## Task brief
The records below are to be retyped in full. Keep every word.

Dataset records
-------------------------
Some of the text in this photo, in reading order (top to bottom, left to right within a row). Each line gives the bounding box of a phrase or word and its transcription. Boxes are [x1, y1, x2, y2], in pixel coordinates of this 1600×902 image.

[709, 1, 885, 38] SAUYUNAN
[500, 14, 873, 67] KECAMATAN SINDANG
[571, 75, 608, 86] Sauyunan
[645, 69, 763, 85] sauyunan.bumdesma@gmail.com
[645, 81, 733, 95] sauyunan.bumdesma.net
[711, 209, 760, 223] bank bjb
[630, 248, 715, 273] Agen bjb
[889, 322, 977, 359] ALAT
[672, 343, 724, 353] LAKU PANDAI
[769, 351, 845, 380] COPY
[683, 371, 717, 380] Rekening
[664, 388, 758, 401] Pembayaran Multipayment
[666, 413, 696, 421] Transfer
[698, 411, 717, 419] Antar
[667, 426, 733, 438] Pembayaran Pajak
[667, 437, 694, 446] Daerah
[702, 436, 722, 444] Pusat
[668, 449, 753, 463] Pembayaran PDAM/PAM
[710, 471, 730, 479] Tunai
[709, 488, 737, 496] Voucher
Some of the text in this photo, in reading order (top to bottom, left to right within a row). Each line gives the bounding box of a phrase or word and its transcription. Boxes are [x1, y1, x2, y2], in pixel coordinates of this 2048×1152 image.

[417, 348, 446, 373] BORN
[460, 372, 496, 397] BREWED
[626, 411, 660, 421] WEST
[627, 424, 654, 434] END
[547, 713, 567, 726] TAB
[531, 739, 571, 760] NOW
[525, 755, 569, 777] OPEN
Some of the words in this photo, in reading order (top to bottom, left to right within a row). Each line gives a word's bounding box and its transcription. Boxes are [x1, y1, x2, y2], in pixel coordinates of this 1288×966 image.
-------------------------
## Result
Some of the text in this photo, in reading order (top to bottom, left to right within a row). Each line gives the bounding box of a phrase or word and its transcription. Boxes are [x1, y1, x2, y2], in pixel coordinates of this 1600×902 image.

[709, 1, 885, 38] SAUYUNAN
[500, 14, 873, 67] KECAMATAN SINDANG
[571, 75, 608, 86] Sauyunan
[645, 69, 763, 85] sauyunan.bumdesma@gmail.com
[645, 81, 733, 95] sauyunan.bumdesma.net
[711, 209, 760, 223] bank bjb
[630, 248, 715, 273] Agen bjb
[889, 322, 977, 359] ALAT
[672, 343, 724, 353] LAKU PANDAI
[769, 351, 845, 380] COPY
[683, 371, 717, 380] Rekening
[664, 388, 758, 401] Pembayaran Multipayment
[666, 413, 696, 421] Transfer
[698, 411, 717, 419] Antar
[667, 426, 733, 438] Pembayaran Pajak
[667, 437, 694, 446] Daerah
[702, 436, 722, 444] Pusat
[668, 449, 753, 463] Pembayaran PDAM/PAM
[710, 471, 730, 479] Tunai
[709, 488, 737, 496] Voucher
Some of the text in this photo, in reading order (top to bottom, left to right within a row). Each line gives the bounding box of a phrase or word and its transcription. Boxes are [x1, y1, x2, y2], in pixel coordinates of this 2048×1152 image.

[417, 348, 446, 373] BORN
[460, 372, 496, 397] BREWED
[626, 411, 660, 421] WEST
[627, 424, 654, 434] END
[547, 713, 567, 726] TAB
[531, 739, 571, 760] NOW
[525, 755, 569, 777] OPEN
Some of the words in this photo, in reading order (top to bottom, left to right within a row). Each line gives a word's bounding box and its transcription. Boxes are [x1, y1, x2, y2], in pixel coordinates of this 1288×966 image.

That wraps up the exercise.